Spatial localization data
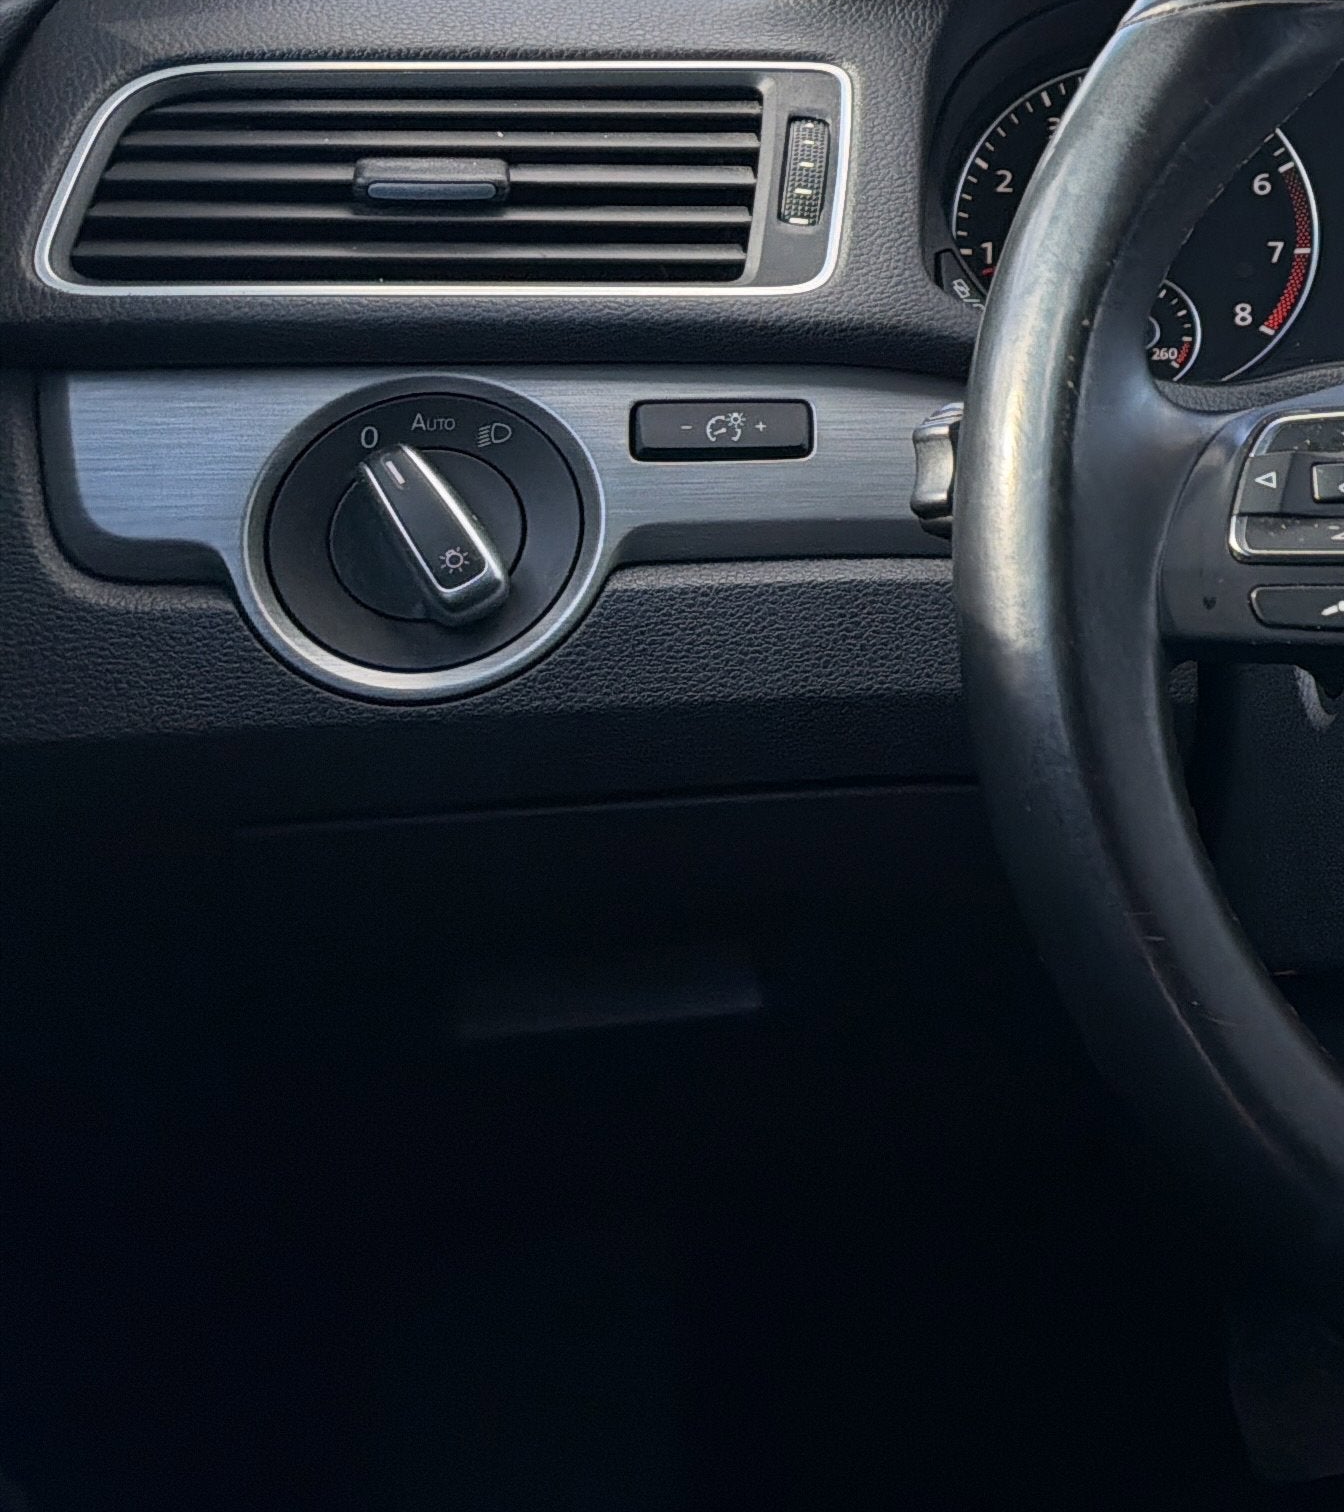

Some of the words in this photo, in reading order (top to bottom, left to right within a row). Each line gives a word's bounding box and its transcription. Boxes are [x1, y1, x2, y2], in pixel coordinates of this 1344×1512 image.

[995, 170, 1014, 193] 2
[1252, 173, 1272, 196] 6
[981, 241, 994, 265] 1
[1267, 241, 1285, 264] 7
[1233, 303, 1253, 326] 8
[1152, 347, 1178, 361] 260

What you have to do:
Give the records above again in full and exactly, but exclude every picture.

Output of the task:
Some of the words in this photo, in reading order (top to bottom, left to right within a row). Each line gives a word's bounding box and its transcription. Boxes are [x1, y1, x2, y2], in pixel coordinates of this 1344×1512 image.

[995, 170, 1014, 193] 2
[1252, 173, 1272, 196] 6
[981, 241, 994, 265] 1
[1267, 241, 1285, 264] 7
[1233, 303, 1253, 326] 8
[1152, 347, 1178, 361] 260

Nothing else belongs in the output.